Fidelity also has an extremely attractive product in their cash management account (free checking account with ATM reimbursements)

«Fidelity also has an extremely attractive product in their cash management account (free checking account with ATM reimbursements)»

Yes, just like Charles Schwab. I wonder why most Americans don't know about this and either pay ATM fees, or endure the hassle of never using an ATM outside of their bank network.

To get a free Schwab checking account, you have to get a checking account paired with a brokerage account. They hard pull your credit before they approve you. If you have a low credit score, you won't be approved. Most Americans' credit scores are too low.
Because banks have much greater presence and marketing reach, being involved in a lot more of the ordinary financial transactions than just withdrawing cash. As only one example of this, brokerage checking doesn't have an obvious path towards insured savings vehicles, you'll have to do some research and have an investor mindset which most banking customers don't want to bother with. If you have a loan, it also becomes another account and institution to deal with, which if you're not an investor you don't want.
Schwab is kind of a PITA for opening a savings account though. I had to fax them a form to open it.
my guess is this is not a common use case among their customers. why do you want a savings account anyway?
I keep my emergency fund in a high interest savings account. I don't know what Schwab's rates are, but if you don't care about that yield and have other accounts with Schwab, maybe the simplicity is worth it.
why not just grab some shares of a bond fund? even with the best savings accounts you are slowly burning your money.
Maybe try I-bonds? Better Rates than high interest savings.

The downside is that you can only invest 10k at a time and you’re illiquid for six months.

Or Ally, a stand-alone product. I’ve had an account with them since 2010.
I think ally limits you to $10 a month. I don’t use an ATM that’s not in-network. I’ve only done it once (well three times because you can only withdraw up to $400 at a time and I needed a thousand). Iirc you get the money back at the end of the month.
How do you do ATM deposits?
Use the Fidelity app to take a photo of the check. I use Fidelity checking for withdrawaling foreign currency too. Easily the best banking product I’ve ever used and I can’t imagine using anyone else.
I deposit checks through Schwab's Android app. But this only works for checks under $10k. Above that you have to deposit them at a Schwab location.
You can also mail checks in (though I don't know about $10k and above).
You can mail checks much larger than $10k in. That is what I usually do, as it’s less of a hassle than getting to a branch during business hours. Schwab even provides post paid enevelopes for you to use.
If you have good credit, their credit card is good for a daily driver if you're the type who pays off a card monthly. Unlimited 2% cash back, no annual fee. You can set up the cash back to go straight into investment accounts too.
It is a good one, but my experience is that the customer service on the card is not so hot. Namely they are overly aggressive with fraud detection, which combined with slow card replacement can be problematic. They canceled my card once because I swiped it instead of inserting the chip for reading, said they could not reverse the action, and then took over a week to get me a replacement card (granted there was a holiday weekend, but this was very different from Amex who always have overnighted replacement cards)
I've had the opposite experience with my Fidelity card. I've accidentally swiped it a few times with no consequences, just had to insert the chip afterward. Their fraud detection has been spot on. I must've gotten skimmed and incurred a fraudulent charge. The card was immediately cancelled, I was notified, and three days later I had a new card in the mail.
> they are overly aggressive with fraud detection

That's the worst, BoA is like that too. Chase and Amex seem to work well for me.

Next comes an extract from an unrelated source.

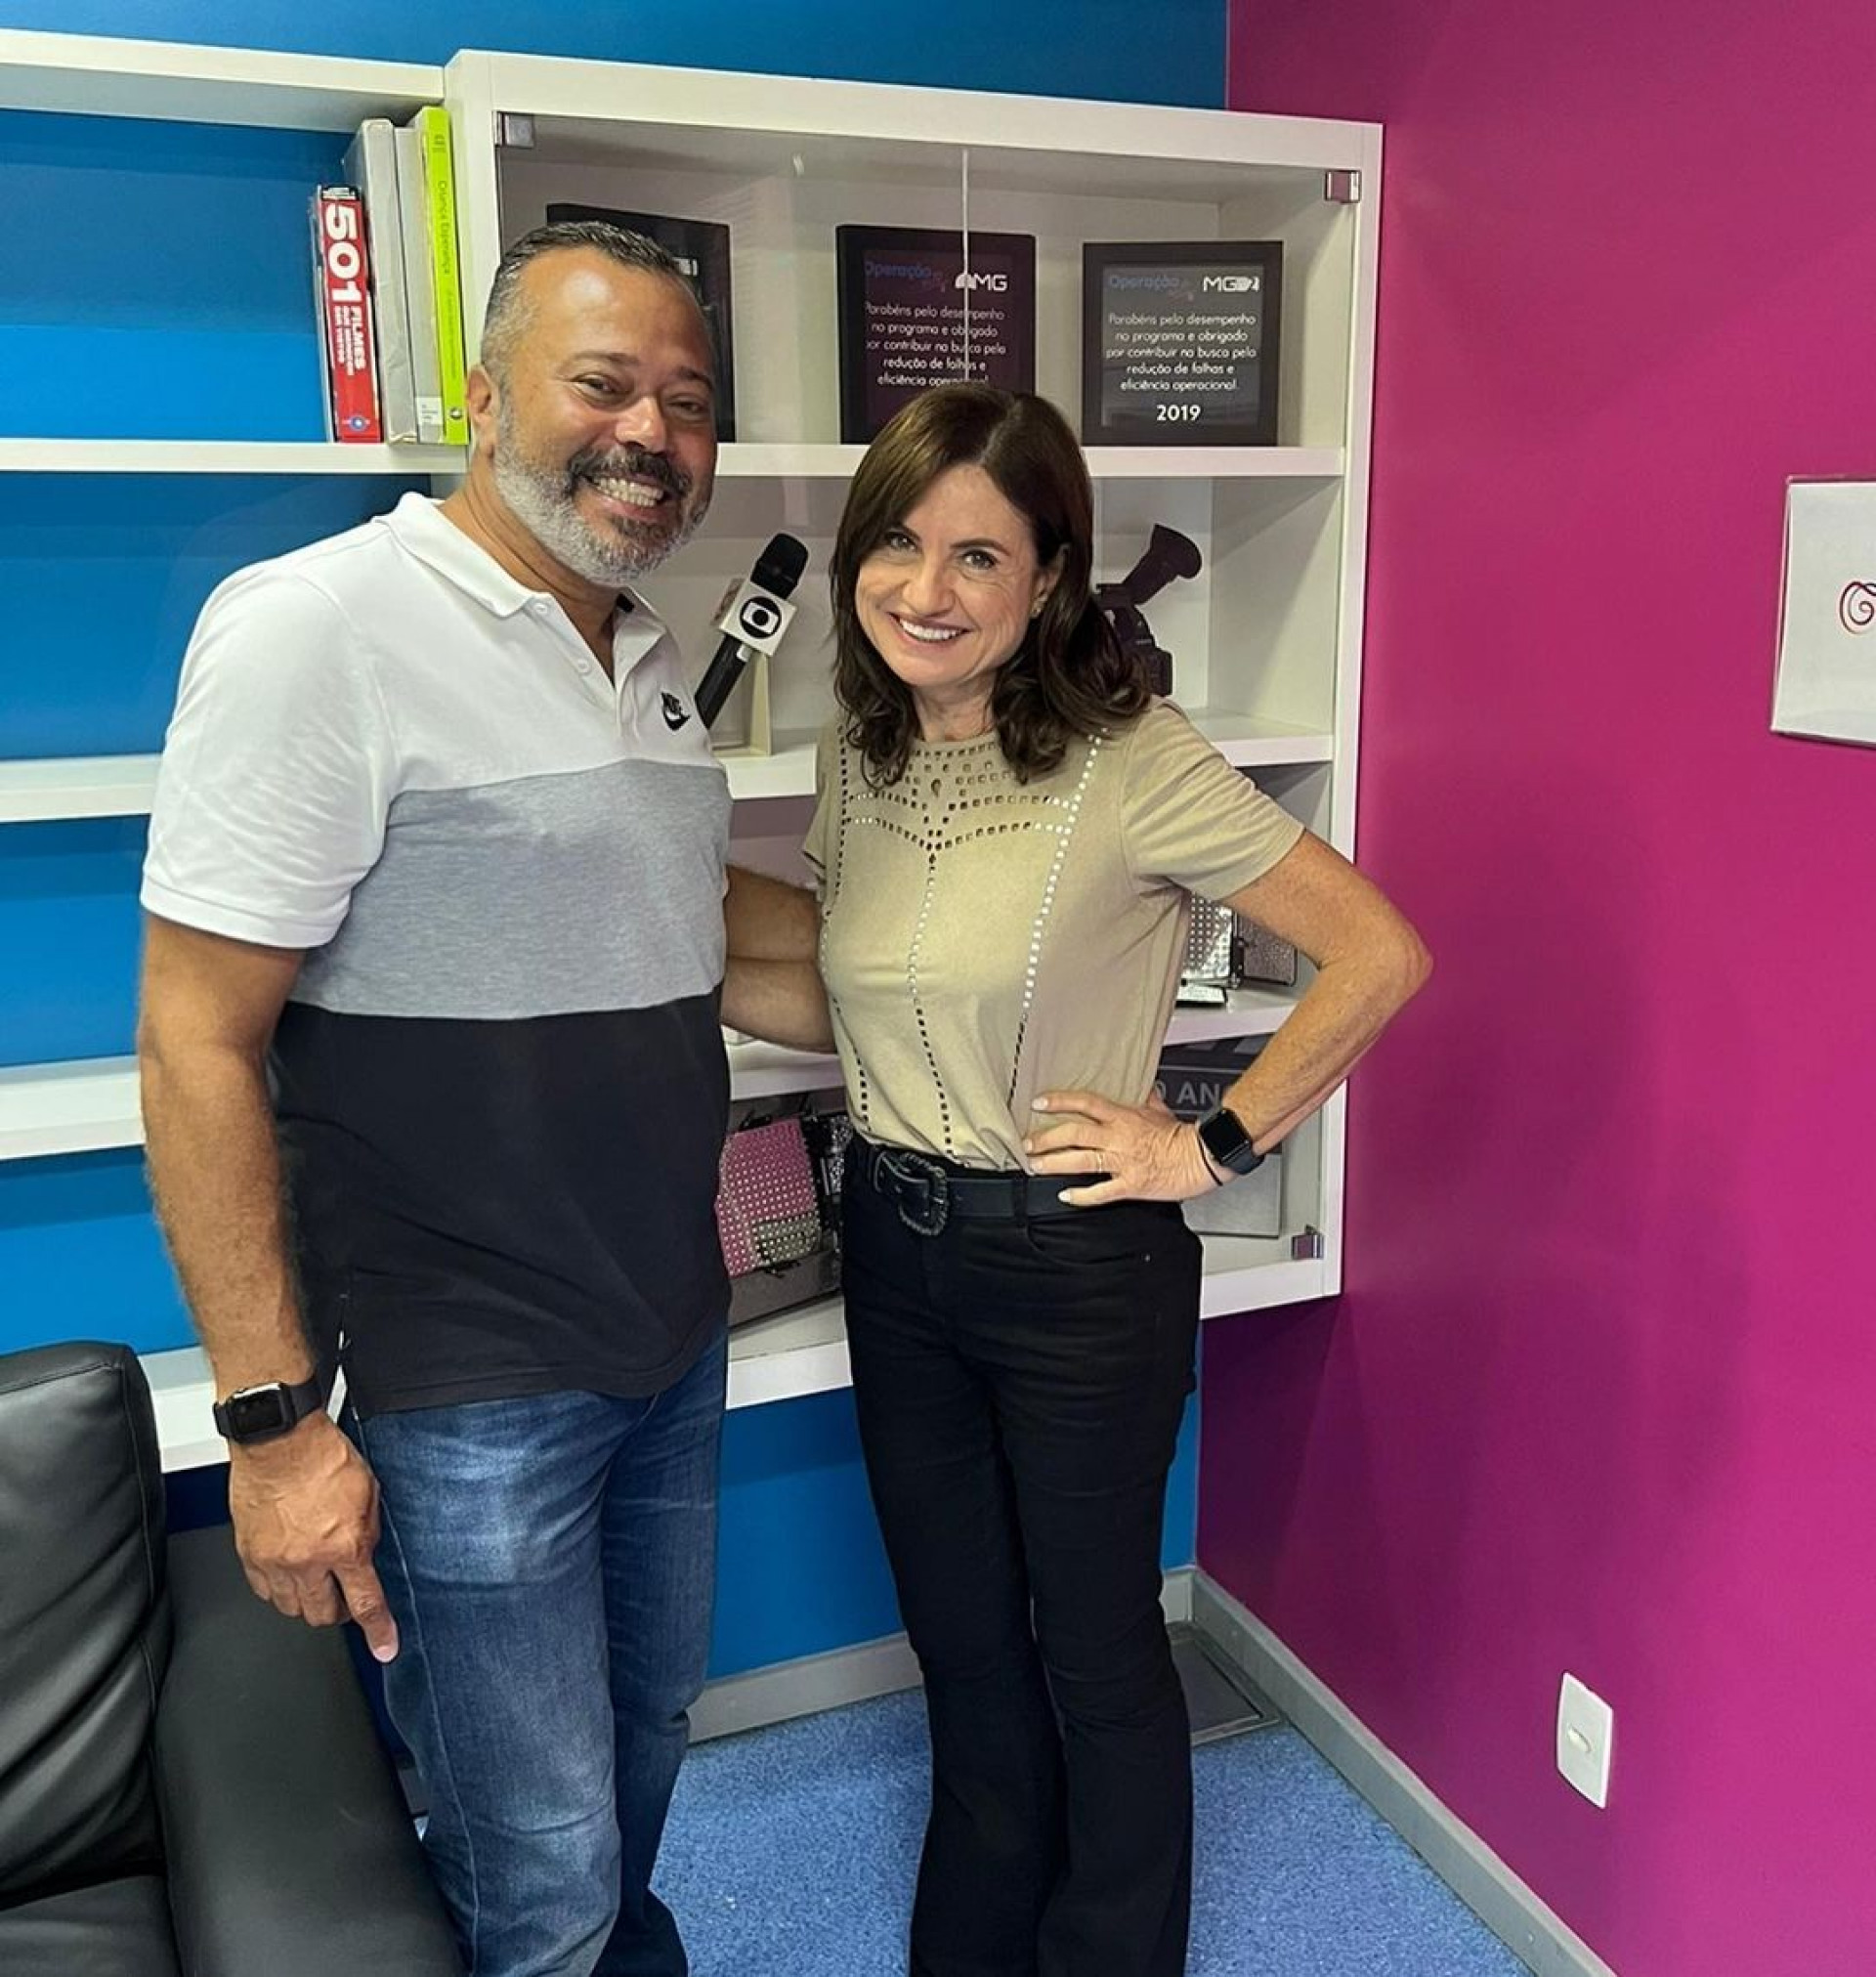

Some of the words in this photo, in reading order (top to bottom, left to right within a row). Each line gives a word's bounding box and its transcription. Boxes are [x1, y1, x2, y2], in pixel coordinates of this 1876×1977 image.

I've never hard my card permanently deactivated. They will definitely freeze my card if I make three or four large purchases in a day or over a weekend, but there's always an immediate robo-call asking me to confirm and then it's instantly active again.
Fidelity also has an extremely attractive product in their cash management account (free checking account with ATM reimbursements)

Schwab has this as well, and a better privacy policy than Chase to boot.

"I've never paid a fee for domestic money movement (EFTs) so I wonder what that refers to."

It might be for wire transfers, which are same-day money transfers.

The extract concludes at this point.